Yesterday, Glenn Reynolds linked to a James Pethokoukis post at The American titled 11 stunning revelations from Larry Summers’s secret economics memo to Barack Obama, which Pethokoukis was compelled to write after reading a piece written by Ryan Lizza for The New Yorker titled The Obama Memos, and the actual Larry Summers penned 57-page, “Sensitive & Confidential” memo (pdf of 57 pgs.) meant for Obama’s use, but in all likelihood not meant to be seen by the American public.

Glenn stated the following in regards to Pethokoukis’ post.

A stunning portrait of duplicity and irresponsibility, even for those who have been paying attention.

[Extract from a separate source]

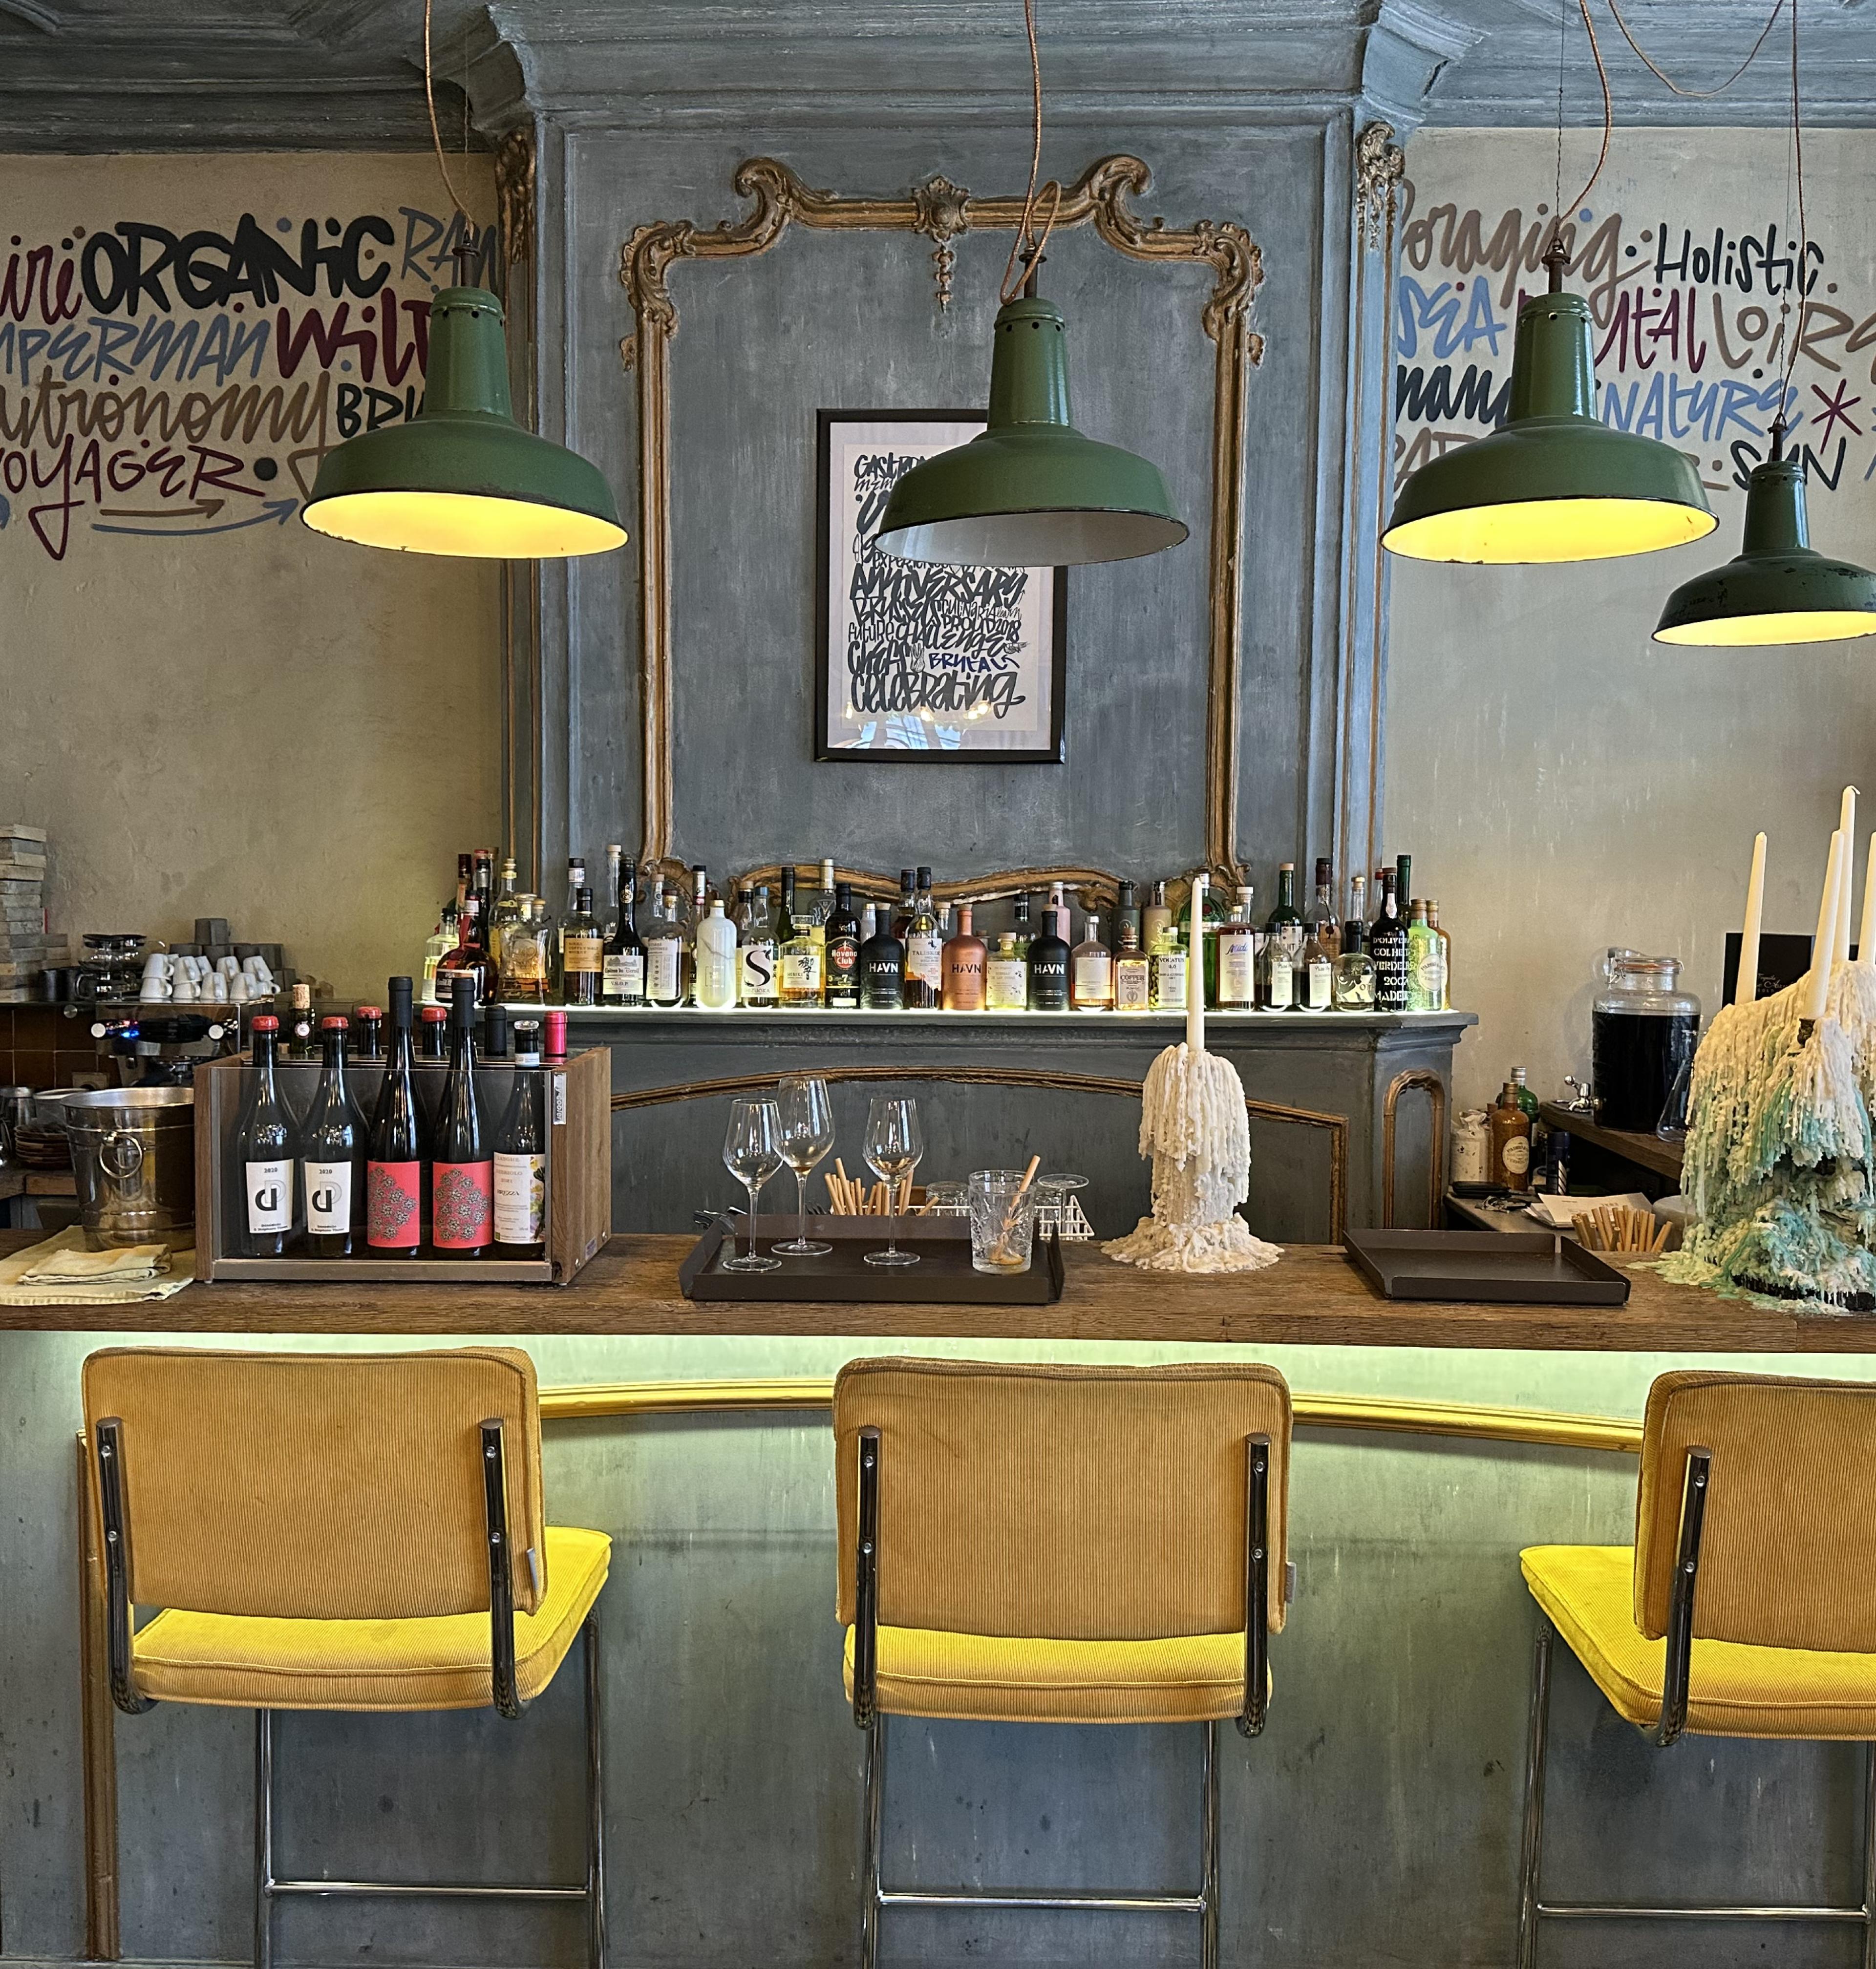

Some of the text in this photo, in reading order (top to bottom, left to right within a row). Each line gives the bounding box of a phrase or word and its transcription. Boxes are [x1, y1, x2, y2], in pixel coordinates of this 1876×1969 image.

And indeed, Summers’ memo is a “stunning portrait of duplicity and irresponsibility,” but evidently the portrait is not so stunning as to warrant much interest by the mainstream media, or the general voting American public.

As I considered why this may be, I thought of a loose analogy.

In the National Football League, playbooks are all important.  Every NFL team develops their own playbook for each game, and every opposing NFL team desires to get some type of intelligence on just what plays are in their opponent’s playbook.  Espionage is not unheard of.  But even if NFL espionage is succesful, when it comes right down to it, every NFL team is running the same type of plays; pass, run, screen, quarterback sneak, etc.; though the formations may be different for each individual team as they prepare to run the called play.  The plays and players in government are really no different.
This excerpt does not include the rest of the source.